November 5, 2004
SURROUNDING THE BASTILLE:
Privatized Accounts Moved to 'Fast Track' (Warren Vieth and Janet Hook, November 5, 2004, LA Times)
President Bush on Thursday set the stage for a monumental legislative battle by placing Social Security reform at the top of his second-term agenda, even though he acknowledged that no long-term fix would be pain-free.Although he did not embrace a specific blueprint, Bush said the starting point for discussions was a set of recommendations that in all likelihood would run up the federal debt and reduce government-paid benefits for workers who chose to set up private retirement accounts.
"There will be costs," the president told reporters during his first postelection news conference. "But the cost of doing nothing … is much greater than the cost of reforming the system today."
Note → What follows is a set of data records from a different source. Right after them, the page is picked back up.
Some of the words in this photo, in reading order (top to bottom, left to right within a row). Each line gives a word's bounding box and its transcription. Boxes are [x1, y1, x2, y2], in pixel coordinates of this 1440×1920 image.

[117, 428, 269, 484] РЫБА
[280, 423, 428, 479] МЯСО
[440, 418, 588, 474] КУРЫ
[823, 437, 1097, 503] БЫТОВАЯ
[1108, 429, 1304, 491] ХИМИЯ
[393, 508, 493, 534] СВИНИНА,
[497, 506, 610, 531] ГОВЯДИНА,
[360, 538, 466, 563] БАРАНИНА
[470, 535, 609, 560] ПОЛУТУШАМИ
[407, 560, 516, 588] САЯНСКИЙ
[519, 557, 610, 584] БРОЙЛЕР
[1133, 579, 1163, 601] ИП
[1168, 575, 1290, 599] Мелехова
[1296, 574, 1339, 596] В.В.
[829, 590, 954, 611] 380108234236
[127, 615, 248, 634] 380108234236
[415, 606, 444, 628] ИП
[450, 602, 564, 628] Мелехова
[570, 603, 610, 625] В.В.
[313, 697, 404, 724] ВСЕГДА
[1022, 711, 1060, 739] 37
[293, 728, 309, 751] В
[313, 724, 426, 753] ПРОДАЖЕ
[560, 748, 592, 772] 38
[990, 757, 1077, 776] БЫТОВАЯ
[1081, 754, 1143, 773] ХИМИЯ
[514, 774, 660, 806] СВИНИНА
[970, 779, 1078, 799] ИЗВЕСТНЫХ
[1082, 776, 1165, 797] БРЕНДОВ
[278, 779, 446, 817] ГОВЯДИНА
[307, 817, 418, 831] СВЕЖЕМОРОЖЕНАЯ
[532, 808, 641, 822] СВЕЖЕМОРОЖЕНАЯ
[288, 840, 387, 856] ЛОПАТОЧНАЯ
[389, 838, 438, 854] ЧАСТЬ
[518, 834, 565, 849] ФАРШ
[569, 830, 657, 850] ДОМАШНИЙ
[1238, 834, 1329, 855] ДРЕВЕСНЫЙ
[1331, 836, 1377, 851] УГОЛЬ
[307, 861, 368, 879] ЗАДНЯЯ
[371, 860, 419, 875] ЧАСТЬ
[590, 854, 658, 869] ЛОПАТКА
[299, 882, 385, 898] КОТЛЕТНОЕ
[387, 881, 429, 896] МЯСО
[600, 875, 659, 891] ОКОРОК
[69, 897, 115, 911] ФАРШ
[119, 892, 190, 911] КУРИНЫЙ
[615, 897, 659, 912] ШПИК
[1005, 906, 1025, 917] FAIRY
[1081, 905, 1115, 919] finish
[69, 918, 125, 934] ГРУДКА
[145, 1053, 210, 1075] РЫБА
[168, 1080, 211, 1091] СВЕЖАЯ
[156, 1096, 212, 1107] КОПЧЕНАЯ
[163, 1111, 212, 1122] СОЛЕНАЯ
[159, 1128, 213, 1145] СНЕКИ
Members of Congress and independent policy analysts said the president's remarks signaled a willingness to spend his newly won political clout on an issue so sensitive that leaders had long been reluctant to grapple with it.
"He is getting ready for bold action on Social Security. He's getting people prepared," said Rep. Paul Ryan (R-Wis.), an advocate of private retirement accounts.
"It's going to be an enormously bloody fight," predicted Michael Tanner, director of the Project on Social Security Choice at the libertarian Cato Institute. "But the political climate really has changed, and it is possible to do this now…. It's on the fast track."
We've often referred to the President as a riverboat gambler, so consider this: despite facing the most difficult re-election of any eventually successful president in modern history he is also the first president to run on an ambitious second term agenda. The comparison to Ronald Reagan, who ran on good feelings, is especially revealing. Mr. Bush is who conservatives wanted Ronald Reagan to be. Posted by Orrin Judd at November 5, 2004 9:23 AM
He's got a year to do Social Security reform. That's going to be tough, especially if he's also got to get a SCOTUS nomination through the Senate.
Posted by: David Cohen at November 5, 2004 10:13 AMThe real celebration will come when the Guillotine blade drops on the IRS.
Posted by: Lou Gots at November 5, 2004 11:10 AMDavid--
A SCOTUS appointment gives Bush an unlimited barrel of chips to bet with.
"Ok, kids, in exchange for me not nominating Robert Bork, you pass SS reform, comprende?"
"Ok, kids, in exchange for me not nominating John Ashcroft, you approve Estrada, Brown and Pryor."
"Ok, kids, in exchange for me not nominating Orrin Judd, you approve my shiny new Mars rocketship!"